Panthéon des alpinistes
Déambuler au cœur du quasi centenaire Biollay – il a été inauguré en 1913 – est tout sauf banal. La confrontation avec l’histoire est immédiate : histoire d’une bourgade viscéralement attachée à ses sommets et à ses familles emblématiques (les Payot, Couttet, Charlet et autres Simond) mais aussi histoire de la pratique montagnarde et de ses figures de proue. Une fois franchi le lourd portail, quelques pas suffisent pour s’imprégner de l’atmosphère si particulière du site. A peine avez-vous attaqué l’allée centrale que vous voilà face à Edward Whymper (1840-1911), icône de plusieurs générations d´alpinistes anglais. Il y a quelques années, beaucoup de Britanniques allaient d’ailleurs copieusement arroser leurs ascensions « sur » Whymper, jusqu’à des heures très avancées. Mais ces débordements n’ont pas plu aux familles des défunts enterrés là. Depuis, le cimetière est fermé la nuit. « Big Ed » peut donc reposer en paix, sous son Cervin miniature (dont il signa la première en 1865).
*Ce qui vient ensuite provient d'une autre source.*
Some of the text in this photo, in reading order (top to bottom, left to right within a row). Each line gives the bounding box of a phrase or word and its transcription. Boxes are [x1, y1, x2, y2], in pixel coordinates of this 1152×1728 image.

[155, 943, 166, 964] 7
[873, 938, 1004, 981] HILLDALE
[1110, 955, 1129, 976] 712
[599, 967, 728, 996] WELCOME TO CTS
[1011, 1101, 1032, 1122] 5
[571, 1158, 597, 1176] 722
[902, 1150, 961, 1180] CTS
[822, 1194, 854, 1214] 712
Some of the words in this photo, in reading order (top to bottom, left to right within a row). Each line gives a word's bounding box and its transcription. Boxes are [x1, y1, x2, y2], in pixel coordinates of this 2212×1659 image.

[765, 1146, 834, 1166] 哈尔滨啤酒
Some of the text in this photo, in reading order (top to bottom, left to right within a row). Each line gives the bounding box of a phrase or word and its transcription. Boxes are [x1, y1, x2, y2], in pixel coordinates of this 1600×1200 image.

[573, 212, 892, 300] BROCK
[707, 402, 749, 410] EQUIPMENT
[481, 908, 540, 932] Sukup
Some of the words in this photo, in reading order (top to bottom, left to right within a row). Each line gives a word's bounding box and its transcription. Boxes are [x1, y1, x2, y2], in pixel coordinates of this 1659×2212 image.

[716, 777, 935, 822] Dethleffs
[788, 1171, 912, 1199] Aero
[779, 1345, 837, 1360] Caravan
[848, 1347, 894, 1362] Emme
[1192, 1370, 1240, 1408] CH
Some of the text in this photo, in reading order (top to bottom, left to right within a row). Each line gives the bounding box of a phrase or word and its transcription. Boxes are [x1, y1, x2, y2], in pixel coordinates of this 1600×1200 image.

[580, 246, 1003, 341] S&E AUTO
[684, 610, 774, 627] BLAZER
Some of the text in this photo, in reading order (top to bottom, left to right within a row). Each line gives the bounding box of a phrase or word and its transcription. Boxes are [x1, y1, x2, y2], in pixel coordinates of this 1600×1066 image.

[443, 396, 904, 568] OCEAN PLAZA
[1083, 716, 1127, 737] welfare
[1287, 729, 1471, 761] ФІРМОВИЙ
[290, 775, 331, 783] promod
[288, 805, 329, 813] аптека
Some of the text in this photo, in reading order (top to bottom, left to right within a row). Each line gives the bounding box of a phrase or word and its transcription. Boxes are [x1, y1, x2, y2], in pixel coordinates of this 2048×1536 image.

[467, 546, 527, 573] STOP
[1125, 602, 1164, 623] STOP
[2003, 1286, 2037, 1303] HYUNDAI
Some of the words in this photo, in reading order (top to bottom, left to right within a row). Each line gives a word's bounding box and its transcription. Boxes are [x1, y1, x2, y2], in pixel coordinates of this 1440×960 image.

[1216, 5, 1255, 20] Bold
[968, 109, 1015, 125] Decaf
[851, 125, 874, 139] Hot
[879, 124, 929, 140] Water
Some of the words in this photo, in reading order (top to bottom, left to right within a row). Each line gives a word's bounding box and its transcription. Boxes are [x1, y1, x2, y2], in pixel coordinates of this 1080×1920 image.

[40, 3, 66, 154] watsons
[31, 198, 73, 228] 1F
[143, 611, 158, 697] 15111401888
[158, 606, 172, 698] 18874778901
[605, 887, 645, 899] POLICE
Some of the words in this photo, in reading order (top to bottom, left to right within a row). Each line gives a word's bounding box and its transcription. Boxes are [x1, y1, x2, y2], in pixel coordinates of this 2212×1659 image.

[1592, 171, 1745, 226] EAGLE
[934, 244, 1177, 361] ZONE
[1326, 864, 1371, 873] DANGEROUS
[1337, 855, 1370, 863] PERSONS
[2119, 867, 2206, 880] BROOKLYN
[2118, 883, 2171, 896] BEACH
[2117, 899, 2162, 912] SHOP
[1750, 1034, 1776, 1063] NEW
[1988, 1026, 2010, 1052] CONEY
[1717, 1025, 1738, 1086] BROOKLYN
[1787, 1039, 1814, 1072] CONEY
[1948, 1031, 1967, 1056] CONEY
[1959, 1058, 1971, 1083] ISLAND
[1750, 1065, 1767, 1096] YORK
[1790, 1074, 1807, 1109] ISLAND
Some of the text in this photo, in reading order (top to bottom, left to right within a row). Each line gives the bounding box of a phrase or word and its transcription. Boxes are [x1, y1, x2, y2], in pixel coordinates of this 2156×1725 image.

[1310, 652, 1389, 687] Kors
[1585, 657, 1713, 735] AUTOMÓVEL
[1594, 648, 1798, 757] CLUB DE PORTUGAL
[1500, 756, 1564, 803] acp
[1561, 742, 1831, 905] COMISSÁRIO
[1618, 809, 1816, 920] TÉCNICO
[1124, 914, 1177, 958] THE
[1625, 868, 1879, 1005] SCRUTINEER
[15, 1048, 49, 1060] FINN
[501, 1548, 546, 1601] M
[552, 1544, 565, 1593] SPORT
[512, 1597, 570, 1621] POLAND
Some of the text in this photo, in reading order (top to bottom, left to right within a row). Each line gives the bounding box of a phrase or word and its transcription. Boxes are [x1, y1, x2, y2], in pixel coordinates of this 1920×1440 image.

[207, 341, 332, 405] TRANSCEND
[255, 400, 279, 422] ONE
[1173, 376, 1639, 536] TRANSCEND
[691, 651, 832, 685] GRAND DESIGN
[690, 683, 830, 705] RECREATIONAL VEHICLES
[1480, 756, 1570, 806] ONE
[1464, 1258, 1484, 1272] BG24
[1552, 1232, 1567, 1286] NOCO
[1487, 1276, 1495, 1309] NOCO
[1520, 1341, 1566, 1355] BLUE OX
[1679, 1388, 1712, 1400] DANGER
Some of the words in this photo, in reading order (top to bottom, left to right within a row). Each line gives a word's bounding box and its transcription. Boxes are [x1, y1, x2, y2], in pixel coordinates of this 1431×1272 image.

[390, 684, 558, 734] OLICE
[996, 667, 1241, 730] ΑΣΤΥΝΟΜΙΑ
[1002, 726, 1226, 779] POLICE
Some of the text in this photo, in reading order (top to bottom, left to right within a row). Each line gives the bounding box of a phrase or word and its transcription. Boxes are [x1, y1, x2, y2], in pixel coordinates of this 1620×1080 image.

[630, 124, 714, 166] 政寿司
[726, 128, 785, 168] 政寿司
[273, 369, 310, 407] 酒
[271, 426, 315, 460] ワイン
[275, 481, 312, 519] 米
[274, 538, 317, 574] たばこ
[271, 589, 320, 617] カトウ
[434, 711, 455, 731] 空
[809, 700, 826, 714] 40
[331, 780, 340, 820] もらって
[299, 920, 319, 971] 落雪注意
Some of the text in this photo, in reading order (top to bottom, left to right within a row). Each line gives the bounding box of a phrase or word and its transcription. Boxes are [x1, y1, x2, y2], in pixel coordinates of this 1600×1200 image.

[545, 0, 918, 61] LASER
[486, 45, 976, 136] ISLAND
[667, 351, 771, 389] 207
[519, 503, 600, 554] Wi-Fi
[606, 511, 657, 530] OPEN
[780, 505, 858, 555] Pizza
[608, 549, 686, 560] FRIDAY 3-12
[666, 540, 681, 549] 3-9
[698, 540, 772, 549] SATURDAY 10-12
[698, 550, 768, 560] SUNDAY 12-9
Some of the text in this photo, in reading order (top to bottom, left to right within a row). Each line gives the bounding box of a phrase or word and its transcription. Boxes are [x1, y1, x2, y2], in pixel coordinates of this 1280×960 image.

Ce mégalithe, quasi brut, a véritablement donné le ton pour l’agencement des lieux : simples pierres pour grands bonshommes... « A part quelques mausolées qui trônent à l’entrée, la plupart des monuments sont plutôt discrets et uniformes, constate Claude Marin. Comme pour refléter le fait que nous sommes tous égaux devant et dans la mort. » Et quand l’étreinte fatale se noue dans « ce monde au-dessus du monde », il est coutume de préciser dans l’épitaphe les lieux de l’accident : les Grands Montets, Peuterey, la Verte, les Courtes, les Grandes Jorasses, l’Arête des Papillons, etc. Voire d’y adjoindre une relique : un piolet, une corde, des drapeaux tibétains, quelques cristaux – que des mains, peu scrupuleuses, n’hésitent pas à grappiller – et même des skis, comme ceux, en métal, qui singularisent la sépulture de Muck, alias Henrik Mückenbrunn. Ce Polonais, beau gosse, moniteur mondain, a été pris dans la tourmente en 1956, alors qu’il essayait de faire traverser un trafiquant d’or vers l’Italie. Une tragédie parmi tant d´autres...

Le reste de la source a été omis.